Sin embargo, Enrique Peña Nieto rápidamente saltó a tratar de instalar la tesis de que las cifras que él maneja lo absolverán. Chulada de sexenio, cumplidor el mexiquense: gracias a este aumento del salario mínimo, la recuperación adquisitiva, en términos reales, alcanzó ya 21 por ciento y 45 por ciento en términos nominales, lo que no había ocurrido en 30 años, según la nota de Alonso Urrutia, en el portal de La Jornada (https://goo.gl/Y879bo). Si la realidad, el estómago o las formas de supervivencia de los mexicanos no se acomodan a los números oficiales, problema de aquellos será, pues las cifras oficiales dicen otra cosa y sanseacabó.
La investigación gubernamental sobre el caso Odebrecht ha sido políticamente congelada, más allá de que en términos procesales siga en curso. Quien era procurador federal de justicia, Raúl Cervantes Andrade, dijo, a la hora de dejar el cargo, que el expediente del caso estaba terminado, listo para su fase siguiente, que ha de entenderse que significaría la búsqueda de conseguir órdenes de aprehensión contra presuntos responsables.
No ha sido nombrado un procurador en firme, y el sustituto, Alberto Elías Beltrán, destituyó de inmediato al fiscal especializado en delitos electorales, Santiago Nieto Castillo, quien avanzaba en el terreno de las acusaciones, en juzgados brasileños, de que la firma citada, Odebrecht, había entregado millones de dólares para acompañar la campaña electoral priísta de 2012, con Peña Nieto como candidato.
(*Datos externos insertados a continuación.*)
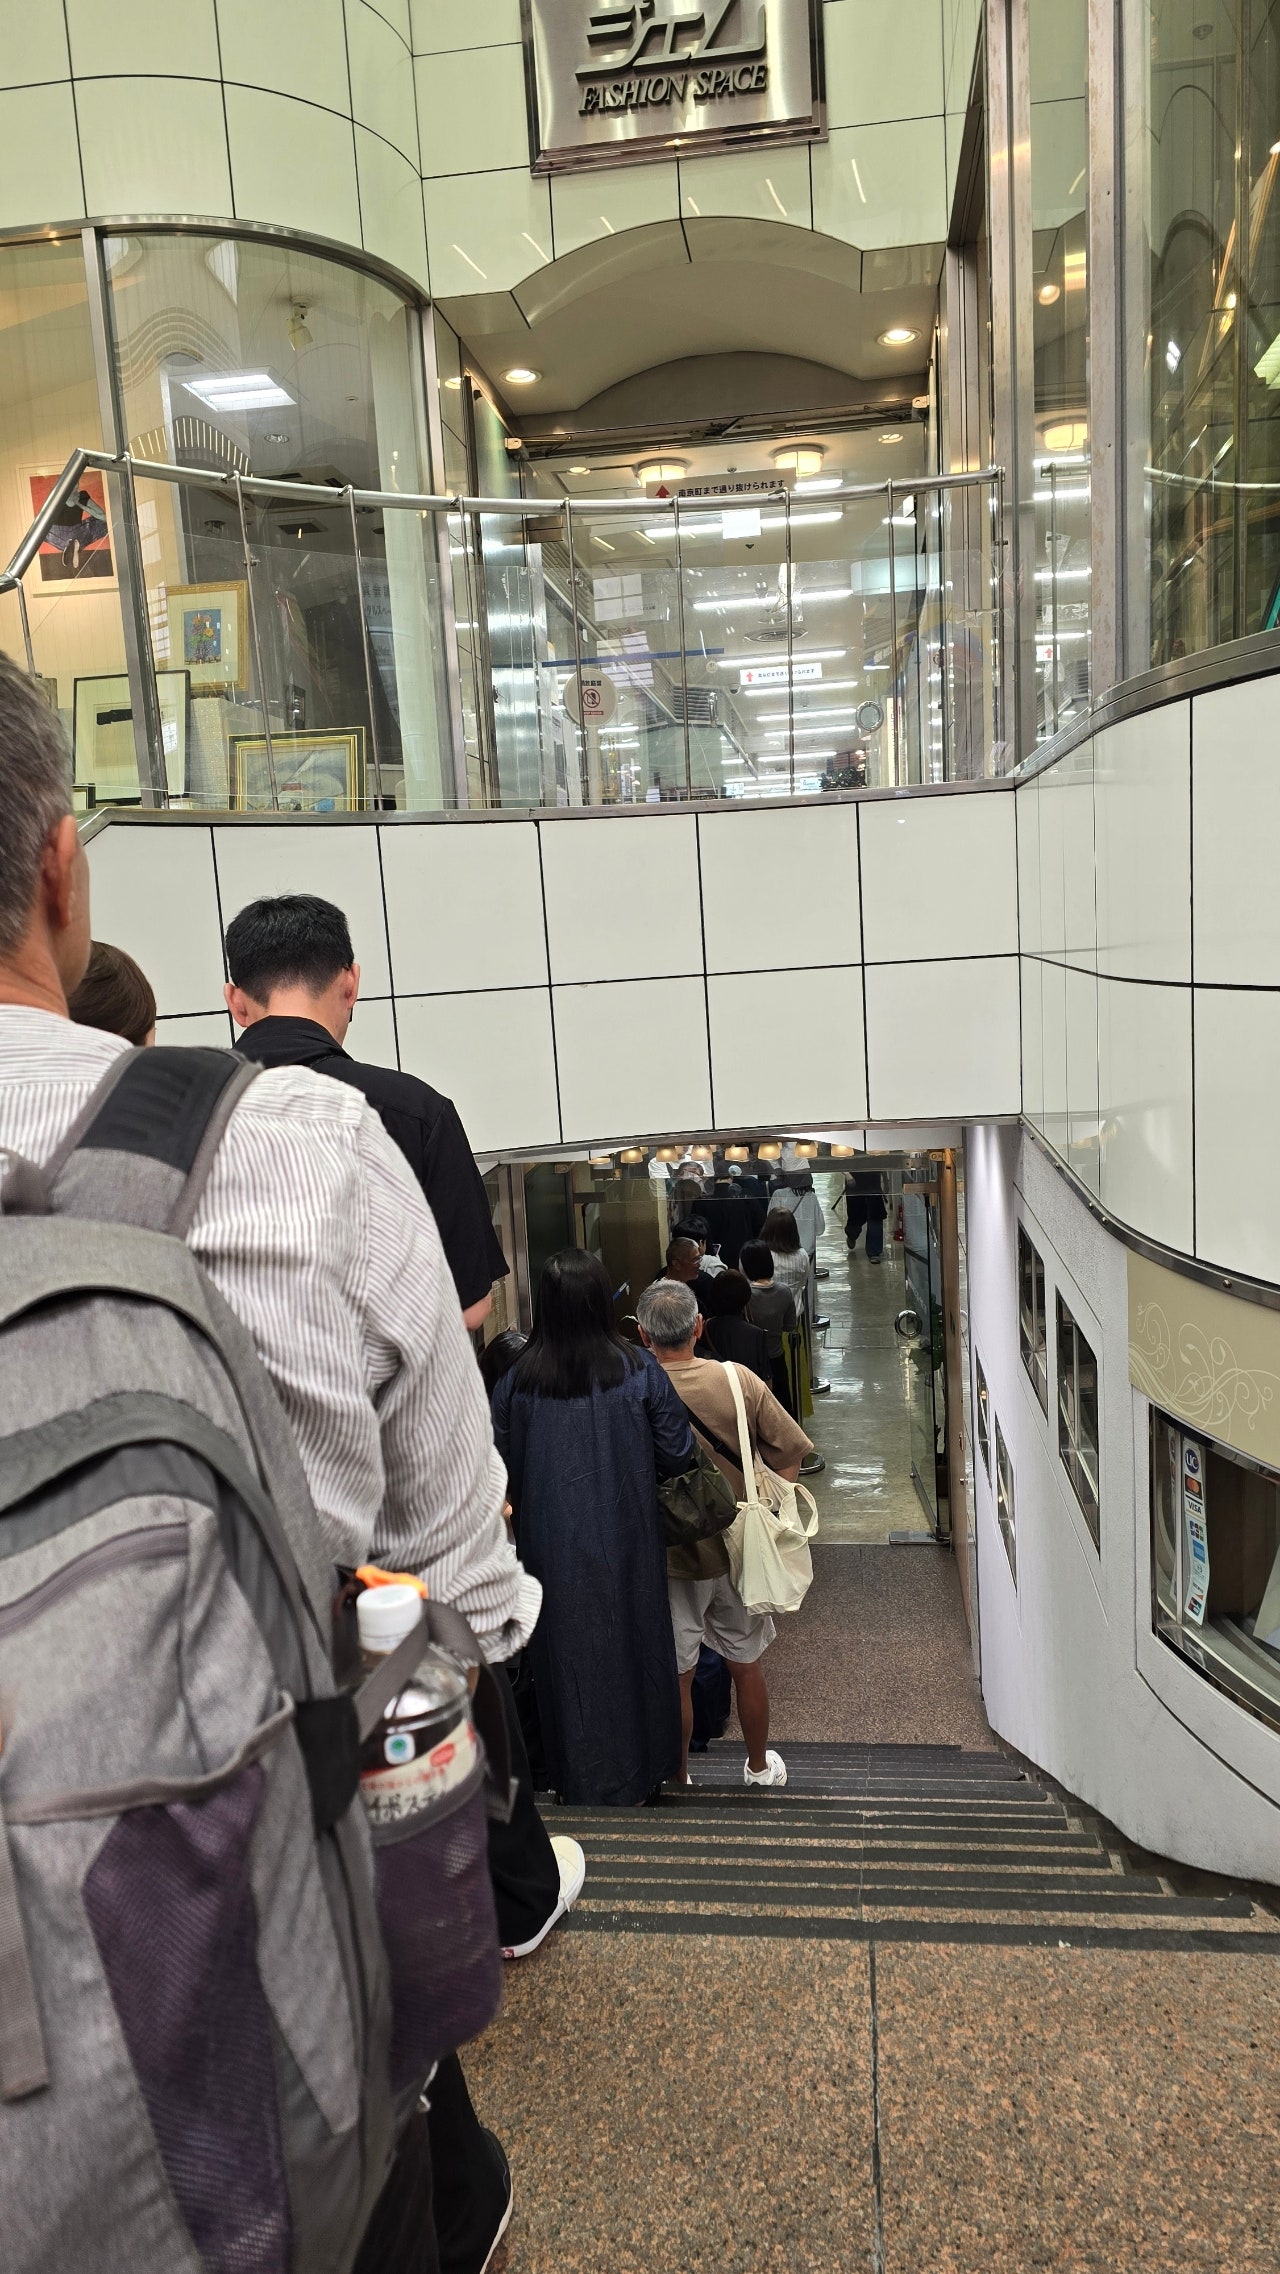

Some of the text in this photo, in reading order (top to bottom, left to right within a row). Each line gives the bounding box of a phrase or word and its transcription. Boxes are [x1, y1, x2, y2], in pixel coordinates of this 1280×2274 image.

[580, 65, 767, 112] FASHION SPACE
[678, 479, 785, 497] 南京町まで通り抜けられます
[1185, 1452, 1199, 1470] UC
[1188, 1500, 1202, 1514] VISA
En términos políticos, de realidad real, no discursiva, el caso está frenado, con un evidente y fuerte tufo de protección a Emilio Lozoya, luego director de Pemex. Entre las múltiples noticias de escándalo que se pelean diariamente la atención pública, se pretende que se diluya este caso ejemplar de corrupción política repetible.
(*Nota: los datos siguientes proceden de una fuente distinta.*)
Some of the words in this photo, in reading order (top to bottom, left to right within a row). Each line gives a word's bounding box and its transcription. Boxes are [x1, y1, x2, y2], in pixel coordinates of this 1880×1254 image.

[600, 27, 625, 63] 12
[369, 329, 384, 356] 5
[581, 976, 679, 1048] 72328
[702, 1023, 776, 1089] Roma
Y, mientras el representante de Trump para las exequias del Tratado de Libre Comercio de América del Norte, Robert Lighthizer, le echa abiertamente la bronca a México y Canadá, y los responsabiliza de que esas negociaciones fracasen, por no comprometerse seriamente con los términos que Washington desea, ¡hasta mañana, con un día más sin que se haga justicia por las ejecuciones de Javier Valdez Cárdenas, en la Sinaloa a cargo del priísta Quirino Ordaz Coppel, y de Miroslava Breach Velducea, en la Chihuahua a cargo del panista Javier Corral Jurado!